Asian trade: Asian markets opened higher for a second day in a row, as the finance ministers from the world’s most developed 20 countries pledge, this weekend, to take the necessary actions to steam the credit crisis.
The top 20 finance ministers and central bankers meet in southern England this weekend, in the regular G20 meeting to discuss ways to put the global economy back on the track. Ahead of the meeting, the International Monetary Fund said that the world’s economy would contract this year for the first time in 6 decades, since World War 2.
The main themes discussed were how to value the toxic assets held by banks, more regulations, and of course pay-caps for bank’s executives.
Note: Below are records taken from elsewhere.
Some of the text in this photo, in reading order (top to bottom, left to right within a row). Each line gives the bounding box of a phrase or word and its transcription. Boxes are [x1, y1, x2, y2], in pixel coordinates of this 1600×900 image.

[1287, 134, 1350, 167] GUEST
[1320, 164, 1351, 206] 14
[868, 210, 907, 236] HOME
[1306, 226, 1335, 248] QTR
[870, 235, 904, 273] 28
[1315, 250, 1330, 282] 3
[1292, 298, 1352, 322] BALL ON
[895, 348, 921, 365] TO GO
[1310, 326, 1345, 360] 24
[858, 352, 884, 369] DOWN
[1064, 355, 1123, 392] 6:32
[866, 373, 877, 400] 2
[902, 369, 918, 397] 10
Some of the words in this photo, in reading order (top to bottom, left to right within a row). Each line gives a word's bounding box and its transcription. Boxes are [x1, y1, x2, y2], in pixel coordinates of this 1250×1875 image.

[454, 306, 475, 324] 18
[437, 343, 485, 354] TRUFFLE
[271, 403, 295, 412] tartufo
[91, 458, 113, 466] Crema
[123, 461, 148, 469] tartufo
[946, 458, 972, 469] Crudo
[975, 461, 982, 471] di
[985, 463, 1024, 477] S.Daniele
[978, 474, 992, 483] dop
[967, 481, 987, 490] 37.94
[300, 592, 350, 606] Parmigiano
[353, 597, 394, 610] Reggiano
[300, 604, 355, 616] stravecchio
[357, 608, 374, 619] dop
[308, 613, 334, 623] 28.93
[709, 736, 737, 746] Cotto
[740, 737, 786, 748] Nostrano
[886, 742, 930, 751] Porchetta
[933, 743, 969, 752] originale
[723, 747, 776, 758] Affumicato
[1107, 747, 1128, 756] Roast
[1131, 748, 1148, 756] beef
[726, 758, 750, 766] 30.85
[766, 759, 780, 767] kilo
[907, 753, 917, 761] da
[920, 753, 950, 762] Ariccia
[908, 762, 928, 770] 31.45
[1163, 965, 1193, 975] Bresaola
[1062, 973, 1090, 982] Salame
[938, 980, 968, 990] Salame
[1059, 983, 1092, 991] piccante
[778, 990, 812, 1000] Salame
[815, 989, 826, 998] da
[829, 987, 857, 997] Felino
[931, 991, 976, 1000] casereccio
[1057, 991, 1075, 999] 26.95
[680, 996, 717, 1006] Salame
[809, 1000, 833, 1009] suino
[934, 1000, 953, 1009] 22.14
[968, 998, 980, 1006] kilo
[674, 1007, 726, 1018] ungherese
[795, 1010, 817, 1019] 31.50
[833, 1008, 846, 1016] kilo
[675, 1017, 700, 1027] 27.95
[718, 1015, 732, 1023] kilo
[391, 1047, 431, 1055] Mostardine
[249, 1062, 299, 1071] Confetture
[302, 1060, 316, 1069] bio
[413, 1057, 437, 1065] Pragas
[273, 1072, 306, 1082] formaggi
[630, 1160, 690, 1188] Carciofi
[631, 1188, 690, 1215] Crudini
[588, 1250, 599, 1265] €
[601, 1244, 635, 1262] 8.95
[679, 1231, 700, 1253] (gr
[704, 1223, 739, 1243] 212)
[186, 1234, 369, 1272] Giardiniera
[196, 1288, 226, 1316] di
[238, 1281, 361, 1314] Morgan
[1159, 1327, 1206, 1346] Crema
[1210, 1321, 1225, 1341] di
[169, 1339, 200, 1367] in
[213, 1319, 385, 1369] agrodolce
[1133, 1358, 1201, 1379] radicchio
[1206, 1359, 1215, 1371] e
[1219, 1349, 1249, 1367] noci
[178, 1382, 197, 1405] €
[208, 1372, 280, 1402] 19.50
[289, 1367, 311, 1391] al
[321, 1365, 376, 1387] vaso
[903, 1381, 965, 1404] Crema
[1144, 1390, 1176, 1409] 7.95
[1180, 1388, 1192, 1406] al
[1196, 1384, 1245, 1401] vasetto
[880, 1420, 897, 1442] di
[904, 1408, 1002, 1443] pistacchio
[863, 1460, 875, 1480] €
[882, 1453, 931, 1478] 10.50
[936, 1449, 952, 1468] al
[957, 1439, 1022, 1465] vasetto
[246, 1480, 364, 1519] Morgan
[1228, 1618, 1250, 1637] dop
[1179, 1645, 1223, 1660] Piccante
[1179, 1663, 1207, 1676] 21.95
However, the main problem was the stimulus bill, were two different ideologies crashes. European countries refuse to inject additional money into the economy, while the U.S. officials said more should be done. Ironically, the U.S. administration is the one that usually refuses to interfere with the economy, as opposed to the European approach.
Another important decision taken by the G-20 was to extend the IMF’s funds. The extra-money would be used to bail out another few more countries, as the credit crunch is worse. The IMF will have at its disposal $500 billion, and probably more funds will be available, if needed.
Tonight, the Nikkei rose 174.80 points (2.31%) to 7,744.08. The Australian S&P/Asx gained 20.40 points (0.61%) to 3,365.60.
Crude oil declined on a small volume tonight. Crude oil for April delivery fell $0.20 to $44.40.
Gold trades caught between the 20 and the 50-day moving averages. Bullion for immediate delivery fell $1.70 to $928.50.